Exercise |
Please, could you print all the lines below exactly, leaving out the pictures?

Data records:
■ ■ ■ ■ ■ ■ ■

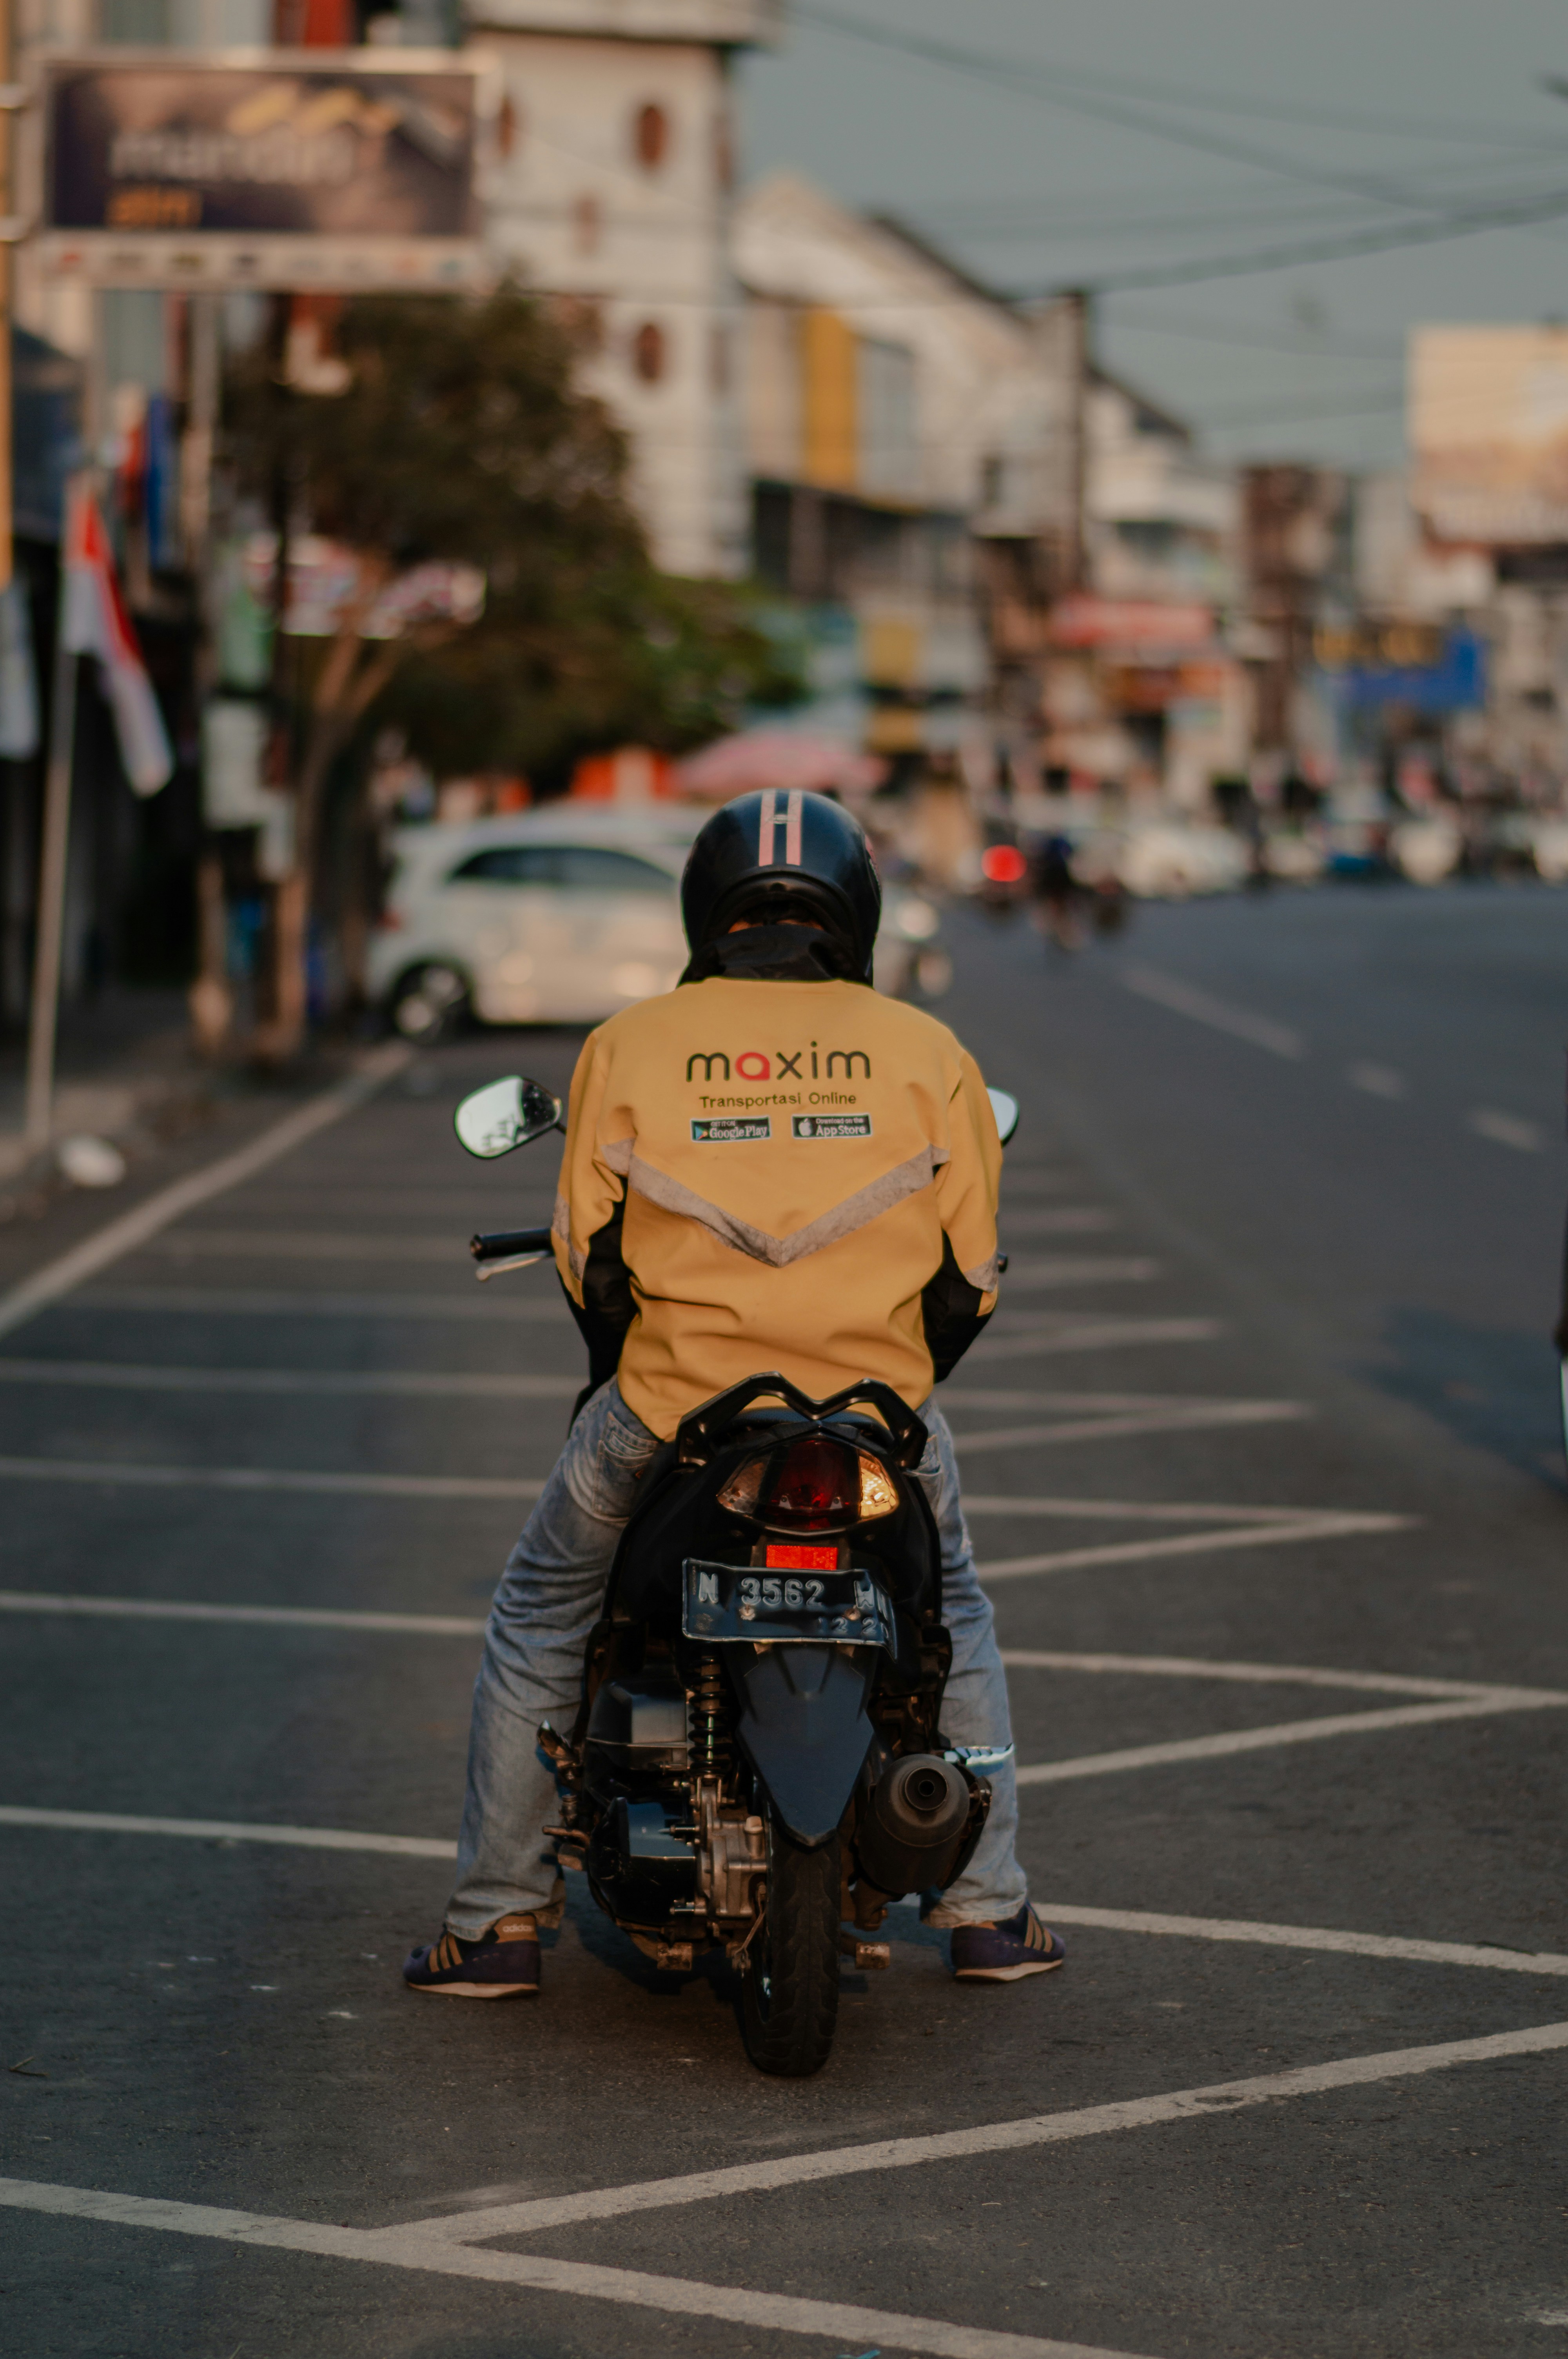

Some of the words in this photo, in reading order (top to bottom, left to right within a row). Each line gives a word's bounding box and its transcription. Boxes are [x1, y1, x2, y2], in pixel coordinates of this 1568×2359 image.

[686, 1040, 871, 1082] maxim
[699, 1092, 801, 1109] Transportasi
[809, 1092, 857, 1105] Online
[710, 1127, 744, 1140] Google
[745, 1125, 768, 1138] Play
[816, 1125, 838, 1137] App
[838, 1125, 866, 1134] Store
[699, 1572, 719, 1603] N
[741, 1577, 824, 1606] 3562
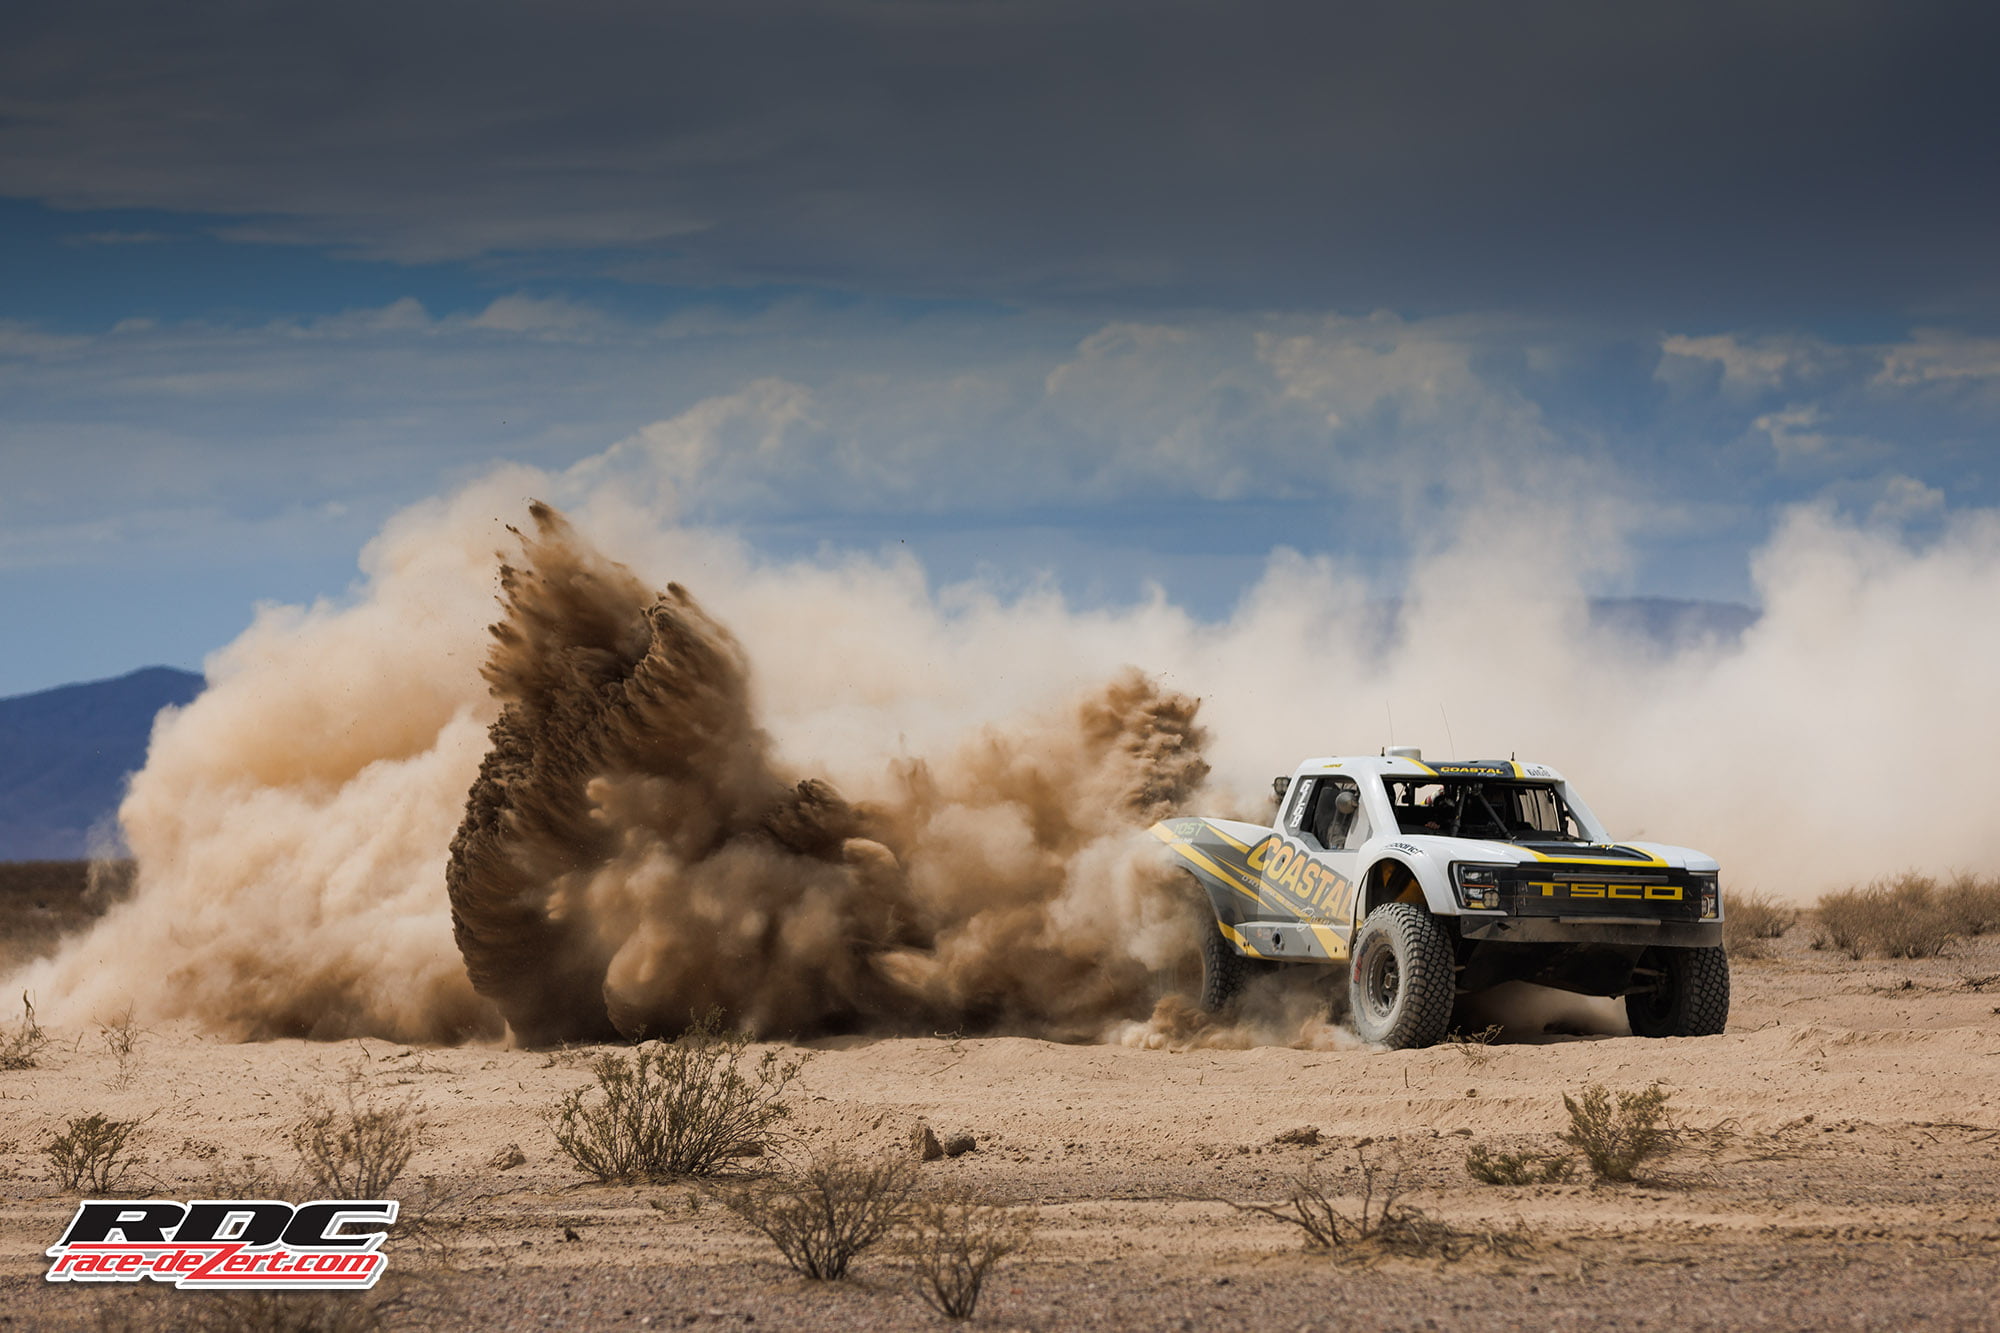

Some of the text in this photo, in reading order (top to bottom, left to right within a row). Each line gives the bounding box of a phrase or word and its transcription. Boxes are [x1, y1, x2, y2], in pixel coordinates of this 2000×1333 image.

■ ■ ■ ■ ■ ■ ■

Task solution |
Some of the words in this photo, in reading order (top to bottom, left to right within a row). Each line gives a word's bounding box and its transcription. Boxes are [x1, y1, x2, y2], in pixel coordinates of this 1568×2359 image.

[686, 1040, 871, 1082] maxim
[699, 1092, 801, 1109] Transportasi
[809, 1092, 857, 1105] Online
[710, 1127, 744, 1140] Google
[745, 1125, 768, 1138] Play
[816, 1125, 838, 1137] App
[838, 1125, 866, 1134] Store
[699, 1572, 719, 1603] N
[741, 1577, 824, 1606] 3562

Some of the text in this photo, in reading order (top to bottom, left to right within a row). Each line gives the bounding box of a phrase or word and its transcription. Boxes are [x1, y1, x2, y2], in pixel coordinates of this 2000×1333 image.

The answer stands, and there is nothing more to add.